• Your goal
Restate every entry verbatim; drop the pictures.

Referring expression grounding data
Content starts
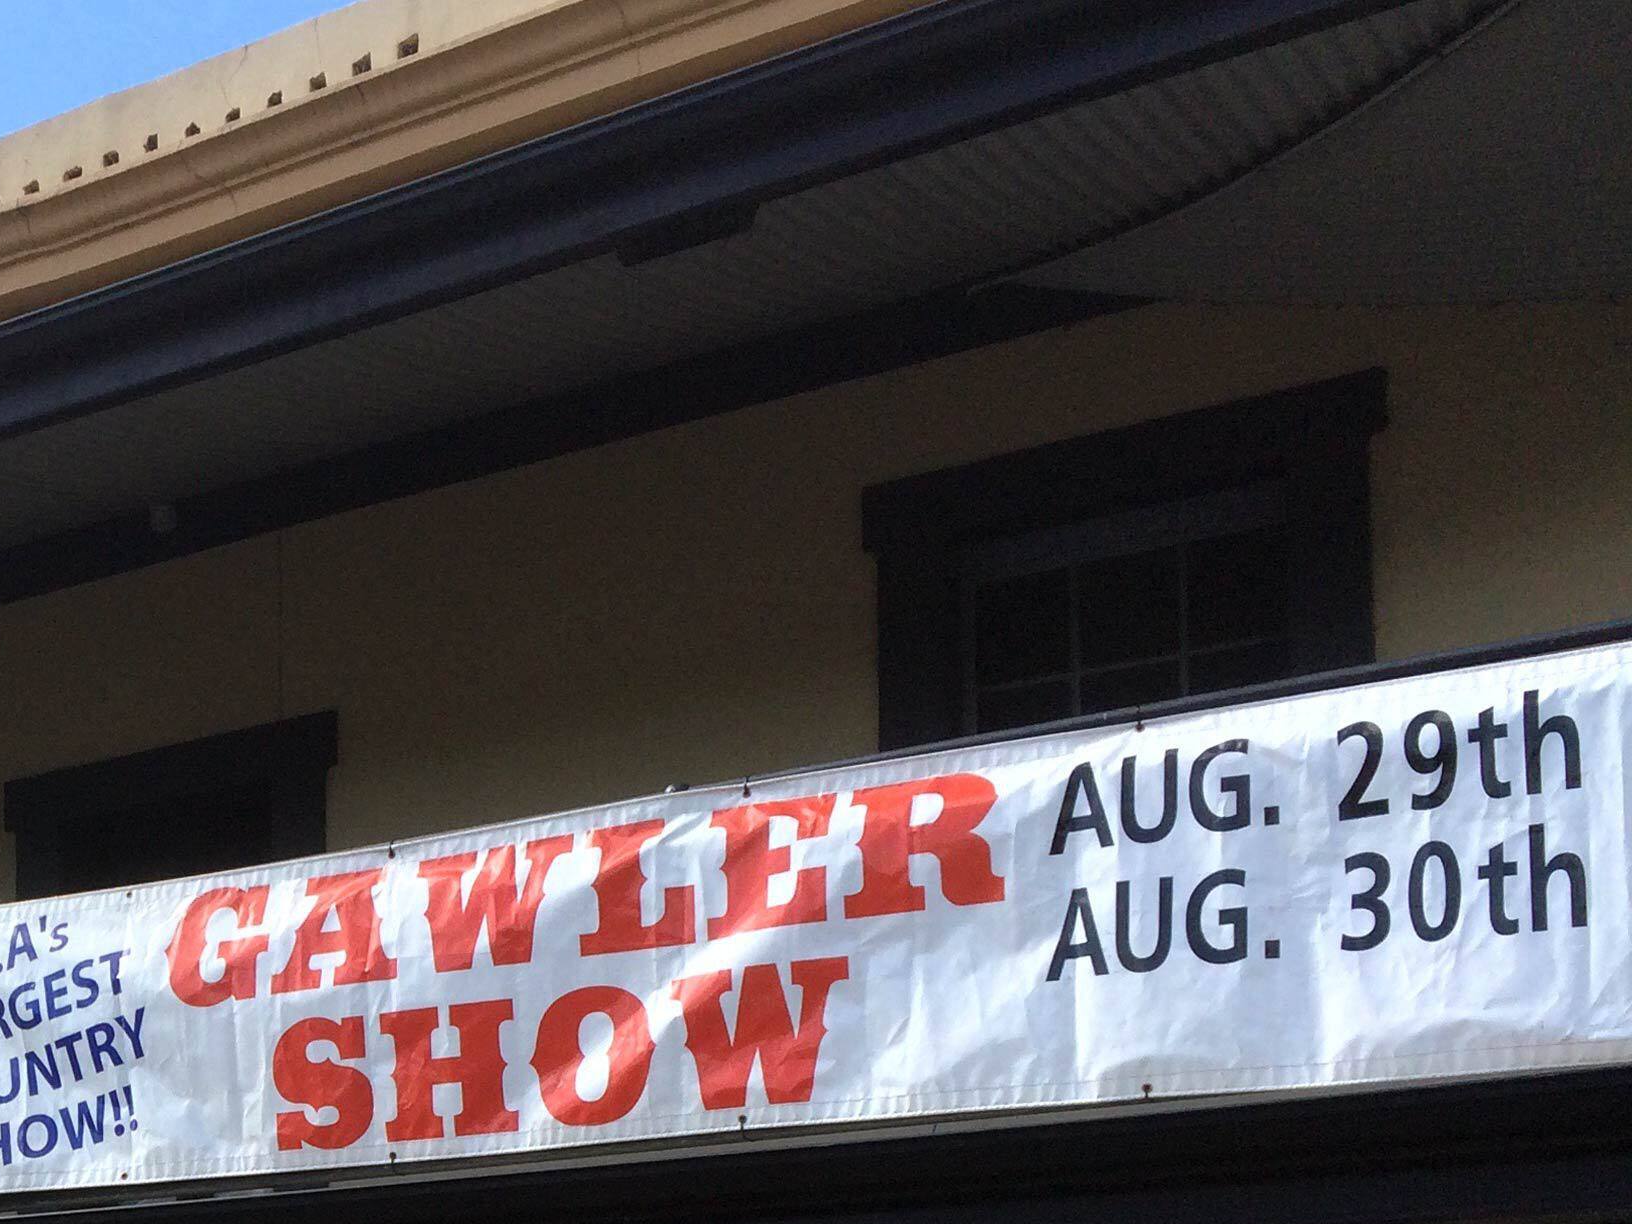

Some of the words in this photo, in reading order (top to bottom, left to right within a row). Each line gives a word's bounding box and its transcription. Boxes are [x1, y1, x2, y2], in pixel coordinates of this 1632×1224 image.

[1048, 737, 1281, 856] AUG.
[1336, 689, 1582, 821] 29th
[164, 771, 1006, 1008] GAWLER
[1044, 868, 1281, 983] AUG.
[1339, 824, 1589, 953] 30th
[271, 956, 851, 1151] SHOW
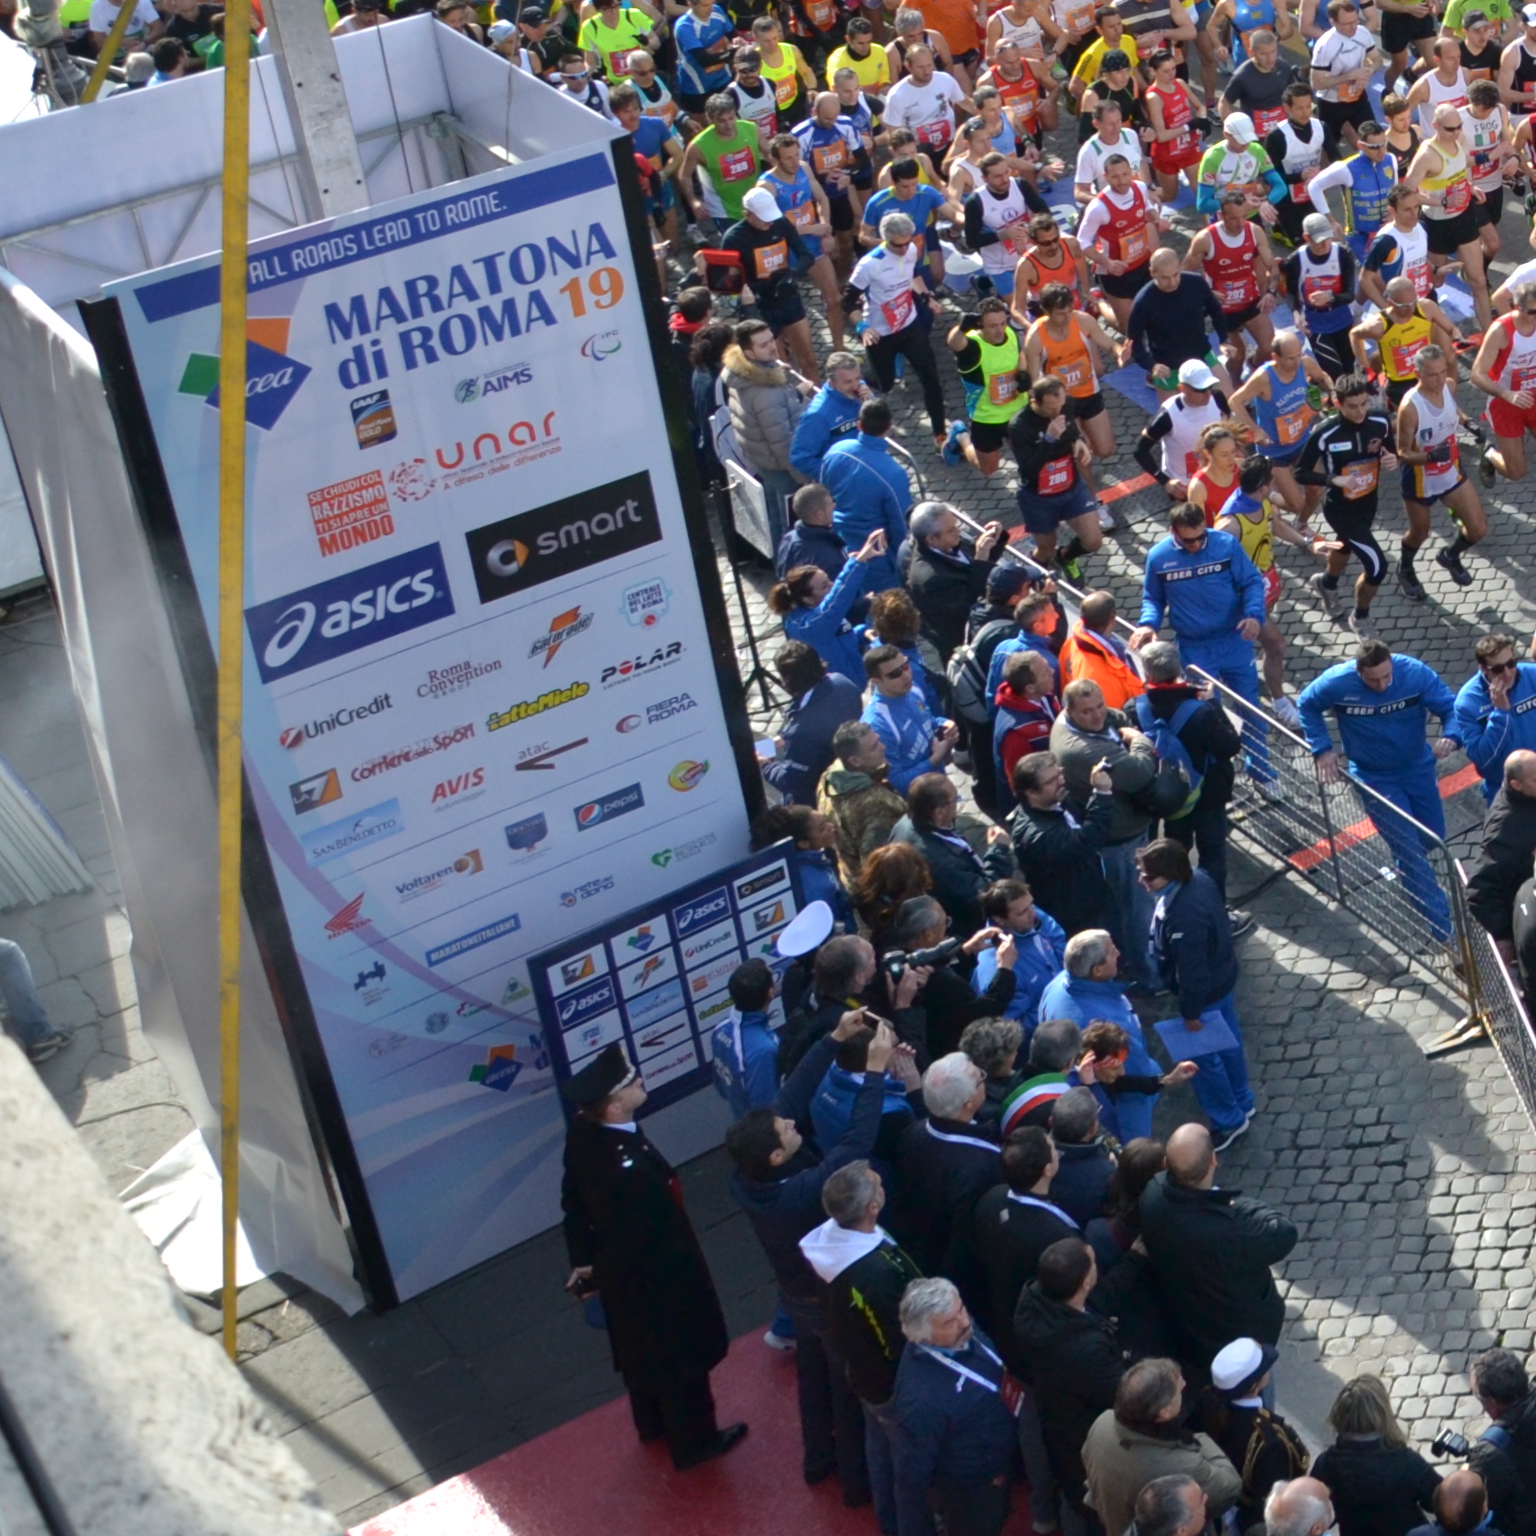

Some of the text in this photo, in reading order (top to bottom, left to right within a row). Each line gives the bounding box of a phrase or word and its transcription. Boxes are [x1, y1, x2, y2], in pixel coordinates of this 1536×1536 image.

[1473, 121, 1498, 133] FROG
[250, 190, 508, 284] ALL ROADS LEAD TO ROME.
[323, 222, 617, 344] MARATONA
[338, 267, 624, 390] di ROMA 19
[482, 367, 533, 397] AIMS
[436, 411, 555, 469] unar
[443, 444, 562, 491] A difesa delle differenze
[309, 473, 381, 504] SE CHIUDI COL
[312, 484, 385, 521] RAZZISMO
[316, 502, 388, 534] TI SI APRE UN
[536, 498, 642, 555] smart
[317, 514, 395, 558] MONDO
[1165, 563, 1221, 582] ESER CITO
[321, 568, 434, 638] asics
[627, 583, 661, 601] CENTRALE
[531, 613, 594, 655] Gatorade
[428, 660, 471, 684] Roma
[600, 641, 682, 683] POLAR
[417, 660, 503, 698] Convention
[303, 692, 393, 740] UniCredit
[487, 680, 590, 732] LatteMiele
[646, 692, 691, 715] FIERA
[647, 699, 698, 725] ROMA
[1345, 700, 1406, 716] ESER CITO
[516, 740, 550, 761] atac
[431, 766, 485, 804] AVIS
[604, 791, 638, 814] pepsi
[395, 865, 454, 894] Voltaren
[693, 898, 726, 920] asics
[695, 931, 732, 953] UniCredit
[578, 987, 611, 1012] asics
Content ends
• Answer to this exercise
Some of the words in this photo, in reading order (top to bottom, left to right within a row). Each line gives a word's bounding box and its transcription. Boxes are [x1, y1, x2, y2], in pixel coordinates of this 1632×1224 image.

[1048, 737, 1281, 856] AUG.
[1336, 689, 1582, 821] 29th
[164, 771, 1006, 1008] GAWLER
[1044, 868, 1281, 983] AUG.
[1339, 824, 1589, 953] 30th
[271, 956, 851, 1151] SHOW

Some of the text in this photo, in reading order (top to bottom, left to right within a row). Each line gives the bounding box of a phrase or word and its transcription. Boxes are [x1, y1, x2, y2], in pixel coordinates of this 1536×1536 image.

[1473, 121, 1498, 133] FROG
[250, 190, 508, 284] ALL ROADS LEAD TO ROME.
[323, 222, 617, 344] MARATONA
[338, 267, 624, 390] di ROMA 19
[482, 367, 533, 397] AIMS
[436, 411, 555, 469] unar
[443, 444, 562, 491] A difesa delle differenze
[309, 473, 381, 504] SE CHIUDI COL
[312, 484, 385, 521] RAZZISMO
[316, 502, 388, 534] TI SI APRE UN
[536, 498, 642, 555] smart
[317, 514, 395, 558] MONDO
[1165, 563, 1221, 582] ESER CITO
[321, 568, 434, 638] asics
[627, 583, 661, 601] CENTRALE
[531, 613, 594, 655] Gatorade
[428, 660, 471, 684] Roma
[600, 641, 682, 683] POLAR
[417, 660, 503, 698] Convention
[303, 692, 393, 740] UniCredit
[487, 680, 590, 732] LatteMiele
[646, 692, 691, 715] FIERA
[647, 699, 698, 725] ROMA
[1345, 700, 1406, 716] ESER CITO
[516, 740, 550, 761] atac
[431, 766, 485, 804] AVIS
[604, 791, 638, 814] pepsi
[395, 865, 454, 894] Voltaren
[693, 898, 726, 920] asics
[695, 931, 732, 953] UniCredit
[578, 987, 611, 1012] asics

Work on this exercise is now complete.